Guiding an organization’s adoption of scrum is a big project. It’s a project that will require a cross-functional team. It’s a project where the full scope of work can’t be known when the work starts. It’s complex, exactly the kind of endeavor that you want to use scrum to implement. When I’m working with organizations that are adopting scrum at scale, I always start by recommending that they create a scrum adoption team, and that this team use scrum to do the work of rolling scrum out to the organization.
One of the many benefits of leaders using scrum to guide their organization’s adoption of scrum is that they are leading by doing, instead of telling. “Do as I do” is much more compelling than “Do as I say.” The leaders will also develop a much deeper understanding of what they are asking their people to do, and will be better able to understand the changes needed in order to be successful.
This team needs a product owner, someone who can answer the question “Why is this organization adopting scrum?” The organization’s management is seeking some kind of value, and they believe that investing in this scrum adoption will get them that value. Is the value faster time to market? Higher product quality? Happier customers? Happier employees? Something else? These are all laudable goals, but it’s important that the product owner for the scrum adoption team understand which of these is most important to the business. Based on this knowledge, the product owner can create and share a vision for how this scrum adoption will create value for the organization. This vision will guide the team’s work.
The scrum adoption team will need a product backlog filled with the deliverables of the scrum adoption itself. One product backlog item might be identifying a pilot project to try using scrum. Another product backlog item might be to pick the team members for that first scrum team. Yet another item might be to get scrum training from Agile Learning Labs for that first team (okay, that was shameless). As the organization starts to adopt scrum, the scrum adoption team will discover impediments that are preventing scrum from working well, such as middle managers that aren’t willing to let go of control. These impediments will lead to new items in the scrum adoption team’s backlog. Perhaps they’ll decide to bring in Agile Learning Labs to do some training and coaching with those middle managers (okay, I’ll stop now).
The team will need a scrum master. As with any team, the scrum master will focus on helping this team become high performing. The scrum master will coach the team and help them use scrum effectively to self-organize and continuously improve.
Most importantly, the team needs team members. These should be people from various parts of the organization who will do the work of guiding the organization’s adoption of scrum. I recommend that the team have some permanent members, perhaps high-level managers from engineering, test, product, and human resources. The team should also have a rotating group of people from the field. These are people who will be using scrum and/or be impacted by the organization’s adoption of scrum. Examples include: scrum masters, product owners, engineers, testers, managers, and anyone who will interact with a scrum team. These rotating members should serve on the team for pre-defined terms, perhaps three to six months. These members of the scrum adoption team will provide the muscle to get the scrum adoption team’s work done. They will also act as eyes and ears, keeping the adoption team in touch with what’s really going on.

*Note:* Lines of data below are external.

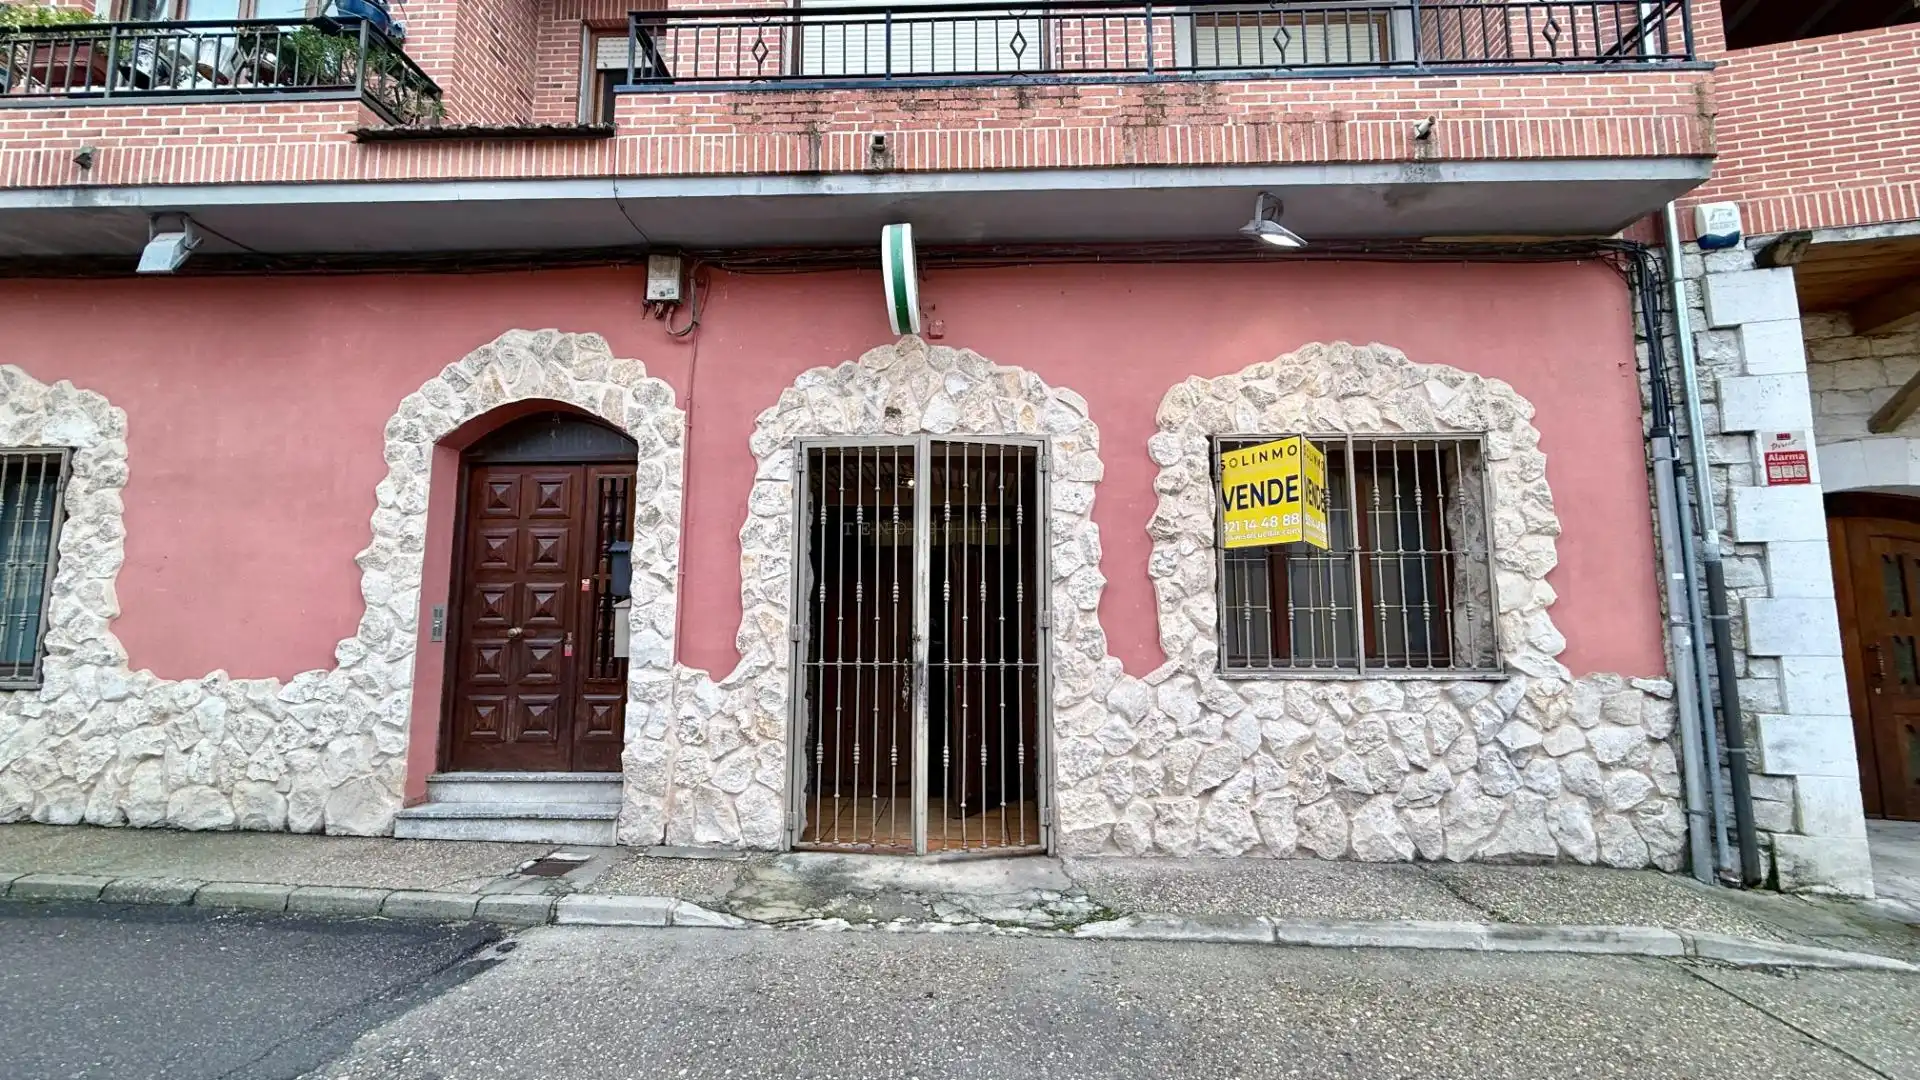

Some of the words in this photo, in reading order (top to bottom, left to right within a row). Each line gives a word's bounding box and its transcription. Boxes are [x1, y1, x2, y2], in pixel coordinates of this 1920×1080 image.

[1220, 444, 1298, 471] SOLINMO
[1768, 453, 1805, 461] Alarma
[1222, 474, 1299, 511] VENDE
[1243, 519, 1258, 531] 14
[1260, 515, 1279, 528] 48
[1282, 512, 1300, 526] 88

Here are a couple of things to be careful of. First is the role of the scrum adoption team itself. Scrum is about ‘doing it better and better’ not about ‘doing it right’ and so the scrum adoption team should not be the scrum police, telling the teams how they are doing it wrong. Their mission should be to help the organization learn, improve, and drive toward the specific value that the organization is seeking from their scrum adoption. Focusing more on education and less on enforcement usually leads to better results.
Secondly, the scrum adoption team needs to guide the organization in the selection of appropriate metrics for the scrum adoption. Measure the wrong things, and that’s what you will get! For example, velocity (often measured in story points) is a terrible metric. No organization ever adopts scrum to get “more velocity.” What they probably want is to deliver more value or to reduce time to market. So create metrics that focus on these things, not velocity.
Obviously, I’ve just scratched the surface here. Hopefully it helps you get started creating your scrum adoption team.